Congress and Kalamazoo are two excellent programs with merely the Great Lakes between them. Though it may have been manageable to hit my Tuesday CLSG session before arriving at Kalamazoo–only 12 hours further by car–the digital events allow me to attend both sessions and still connect with the Canadian-American Theological Association on Sunday. An online program makes navigating the distance fairly easy, though somewhat less scenic.

At Congress2022, I am presenting at the Christianity and Literature Study Group (CLSG) on Tuesday, May 10th. Every time I have joined them, the folks at the CLSG have been personable, bright, and engaged in the papers that scholars and students brought to the conference. Even last year in our online-only sessions, there was nothing disconnected in this fellowship, where all the high and heady thoughts were still grounded in our Canadian classrooms, connected to our city streets, and rooted in faithful artistry. More than anything, the CLSG is a community very much invested in seeing in new and deep ways–in particular, in understanding the way our institutions and communities have failed to see, in many ways, what First Nations people have been trying to show us. I very much look forward to connecting again.

My own presentation at CLSG is in the “Inklings and Philology” panel. And not being a philologist by profession–or a “pure philologist” as in Tolkien’s self-description (Letters 264)–I am feeling somewhat out-classed.

The other two papers are offering strong, technical discussions of Tolkien and philology–intriguingly, both on fäerie-related words–with significance moving out beyond the roots and meanings of these provocative words themselves. My own contribution is more modest and really a tease-up for a fuller conversation within a larger world-building chapter I am writing. My paper, “The Underlying Thought of Old Solar in C.S. Lewis’ Ransom Cycle” plays out the implications of the discovered “Ransom Preface” or “Cosmic Preface” to The Screwtape Letters in two ways: 1) considering more deeply the implications for “Old Solar” as a “Constructed Language” (conlang); and 2) thinking about the mythic root of Lewis’s conlang by asking questions about the two most influential thinkers in Lewis’ life when it comes to the roots of language, language invention, and philology: J.R.R. Tolkien and Owen Barfield. As a background to my “Old Solar” paper, you can read about my work on the “Cosmic Preface” and the links between C.S. Lewis’ Ransom Cycle and The Screwtape Letters here.

And though I am a small thing as a philologist, I do have a series on C.S. Lewis and the Love of Words, which I hope you enjoy.

Last year, my CLSG paper was a high-level and complete argument about Lewis and literary theory. While “The Personal Heresy and C.S. Lewis’ Autoethnographic Instinct: An Invitation to Intimacy in Literature and Theology” has deep implications for the way that we relate to one another in our increasingly diverse worlds of connection, I am relieved to be presenting something less complex and a little more playful–even if I am outshone by the philologists on the panel. You can find the abstract and recording of the 2021 “Autoethnographic Instinct” here, including some links to resources.

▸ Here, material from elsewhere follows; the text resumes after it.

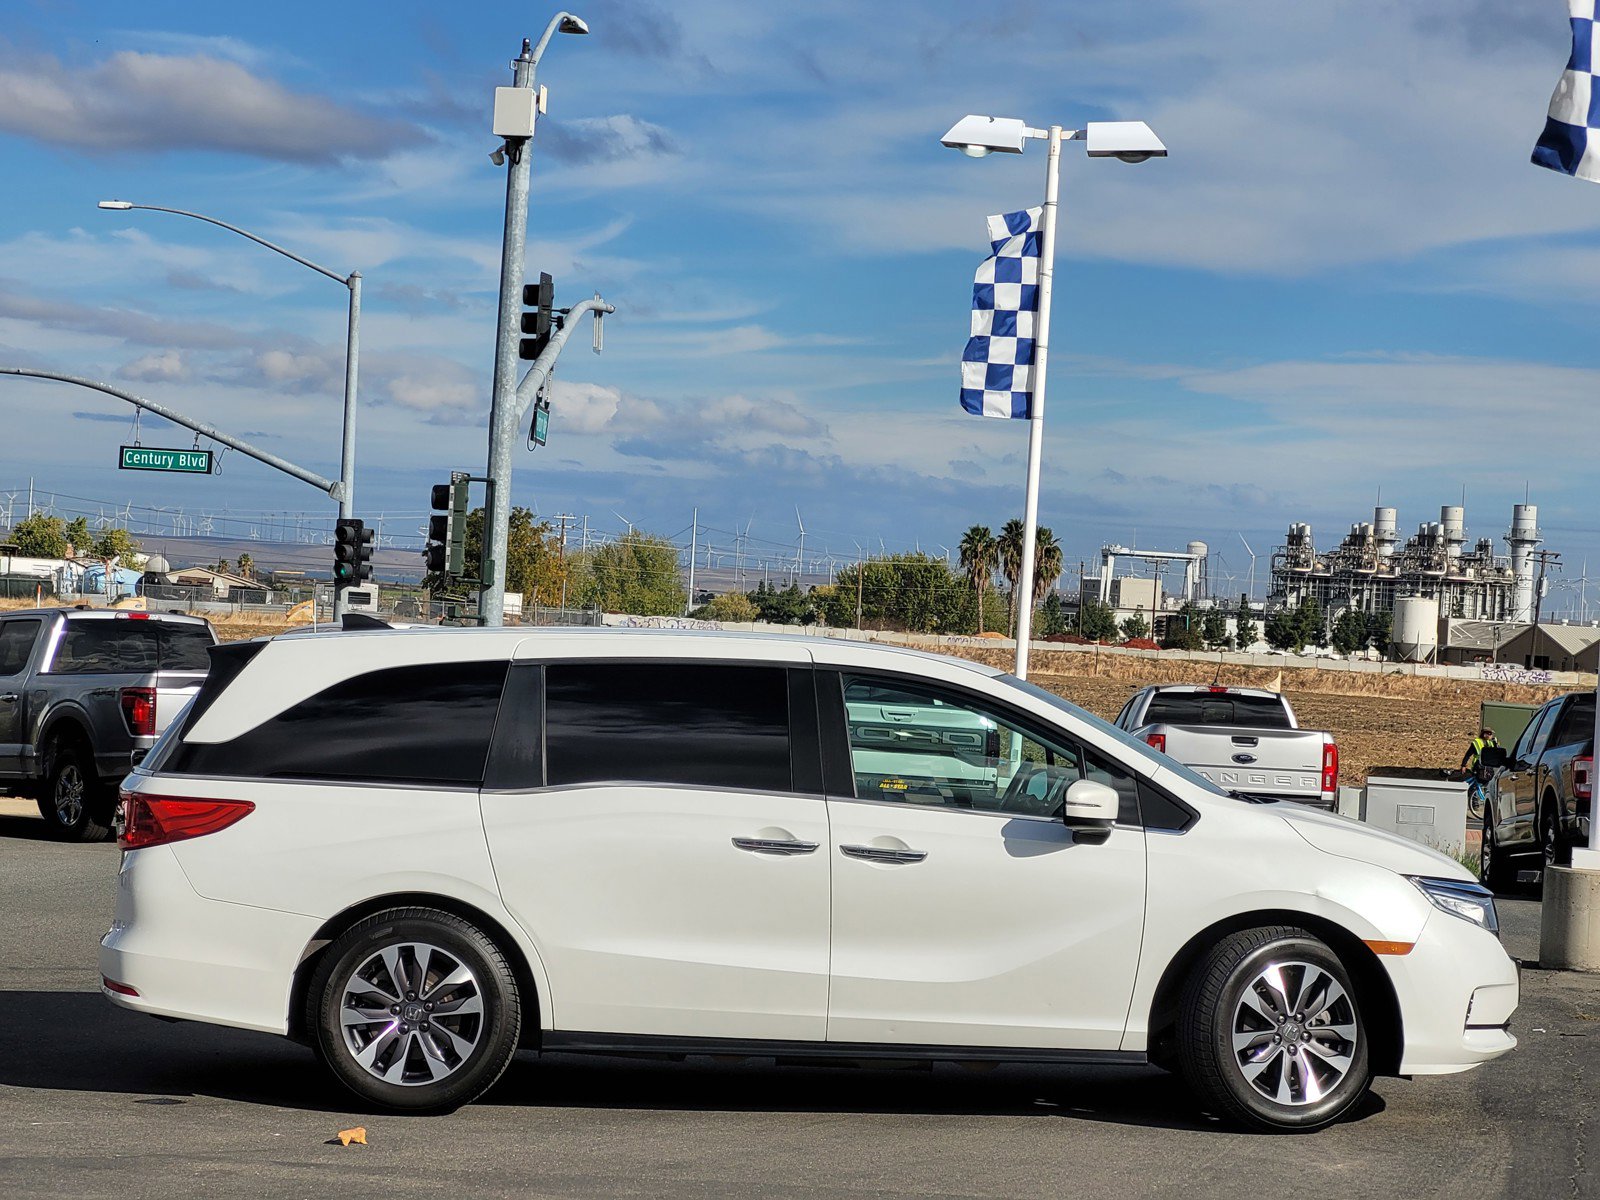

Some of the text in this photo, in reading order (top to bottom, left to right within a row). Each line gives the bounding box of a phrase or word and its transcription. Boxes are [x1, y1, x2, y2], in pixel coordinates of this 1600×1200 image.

At Congress, I am attending the Canadian-American Theological Association, but am not presenting. You can read about and see a recording of my 2021 paper here, “Michael Gorman’s Narrative Spiritual Theology and C.S. Lewis’ Logic of Cruciformity: A Conversation Across Generations and Disciplines.” I would also note that normally Congress is at the end of May, and on even years I am headed next to the C.S. Lewis and Friends Colloquium at Taylor University in Indiana. The conference has not returned to its pre-pandemic regularity, and my intended 2020 paper still remains in limbo, “’As High as My Spirit, As Small as My Stature’: C.S. Lewis’ Theology of the Small and Monika Hilder’s Theological Feminism.”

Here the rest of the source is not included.